To summarize, a significant decrease in the demand for AI hardware in the coming quarters seems pretty unlikely at this point. What could happen however is that after the current manic phase comes a prolonged period of hardware digestion. That would lead to subdued demand for next generation accelerators, as the Cloud Service Providers and the Internet Giants reduce their current levels of capital expenditures in this regard.

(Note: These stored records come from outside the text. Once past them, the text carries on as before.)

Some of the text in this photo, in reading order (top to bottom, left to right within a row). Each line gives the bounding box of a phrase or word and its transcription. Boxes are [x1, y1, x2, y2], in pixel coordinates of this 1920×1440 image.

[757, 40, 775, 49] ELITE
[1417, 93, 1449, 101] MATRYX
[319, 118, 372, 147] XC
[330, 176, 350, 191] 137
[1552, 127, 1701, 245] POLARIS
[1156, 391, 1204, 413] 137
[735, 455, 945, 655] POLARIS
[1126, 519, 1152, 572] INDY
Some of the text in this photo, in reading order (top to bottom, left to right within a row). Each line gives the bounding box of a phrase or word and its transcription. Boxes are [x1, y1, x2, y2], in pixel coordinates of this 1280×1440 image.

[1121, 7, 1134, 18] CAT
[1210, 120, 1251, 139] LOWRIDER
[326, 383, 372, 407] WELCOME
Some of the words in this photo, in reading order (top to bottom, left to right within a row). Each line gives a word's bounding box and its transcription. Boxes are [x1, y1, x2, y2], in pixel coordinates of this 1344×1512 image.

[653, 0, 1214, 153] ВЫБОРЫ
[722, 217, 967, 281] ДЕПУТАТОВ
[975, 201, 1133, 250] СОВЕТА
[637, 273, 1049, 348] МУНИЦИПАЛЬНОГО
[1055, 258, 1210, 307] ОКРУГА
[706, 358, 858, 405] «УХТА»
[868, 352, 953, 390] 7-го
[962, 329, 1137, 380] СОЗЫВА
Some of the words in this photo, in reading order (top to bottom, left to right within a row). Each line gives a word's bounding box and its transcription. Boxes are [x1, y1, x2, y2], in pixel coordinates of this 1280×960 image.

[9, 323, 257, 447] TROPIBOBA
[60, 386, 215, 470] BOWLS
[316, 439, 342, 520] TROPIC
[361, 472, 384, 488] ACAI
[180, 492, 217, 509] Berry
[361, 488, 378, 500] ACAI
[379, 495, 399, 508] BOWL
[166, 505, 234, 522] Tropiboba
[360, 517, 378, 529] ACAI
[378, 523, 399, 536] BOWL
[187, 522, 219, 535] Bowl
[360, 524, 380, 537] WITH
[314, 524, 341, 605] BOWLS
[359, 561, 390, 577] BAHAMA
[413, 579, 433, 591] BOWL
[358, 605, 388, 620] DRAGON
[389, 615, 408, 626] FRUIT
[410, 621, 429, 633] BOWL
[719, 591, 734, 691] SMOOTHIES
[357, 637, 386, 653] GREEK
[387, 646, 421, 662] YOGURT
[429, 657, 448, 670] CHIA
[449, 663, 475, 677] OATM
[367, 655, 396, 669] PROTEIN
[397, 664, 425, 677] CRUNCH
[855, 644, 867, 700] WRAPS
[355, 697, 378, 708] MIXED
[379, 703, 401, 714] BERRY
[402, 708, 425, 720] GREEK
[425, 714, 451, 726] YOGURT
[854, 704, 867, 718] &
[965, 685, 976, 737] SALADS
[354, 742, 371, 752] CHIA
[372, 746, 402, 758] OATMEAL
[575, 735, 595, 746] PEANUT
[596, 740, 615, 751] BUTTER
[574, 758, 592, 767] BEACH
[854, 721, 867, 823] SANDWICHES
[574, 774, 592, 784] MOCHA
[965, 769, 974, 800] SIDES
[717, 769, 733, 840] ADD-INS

More importantly, the very structure of the semiconductor industry has an important role to play in this matter. The CSPs and the Internet Juggernauts, by their sheer size and diversity, may be able to cushion any future sudden decrease in demand. But they also weigh very heavily on the industry in one other fascinating way: instead of buying their future hardware, they may simply build it on their own, thanks to a new ecosystem of companies dedicated to making such a complex task achievable.
That would allow them to recover a bigger part of the value created by the AI revolution, instead of letting Nvidia get away with such a big part of the cake. For now, Nvidia’s party is in full swing. But nothing lasts forever, and a 70 per cent gross margin seems to be simply unsustainable in the long run.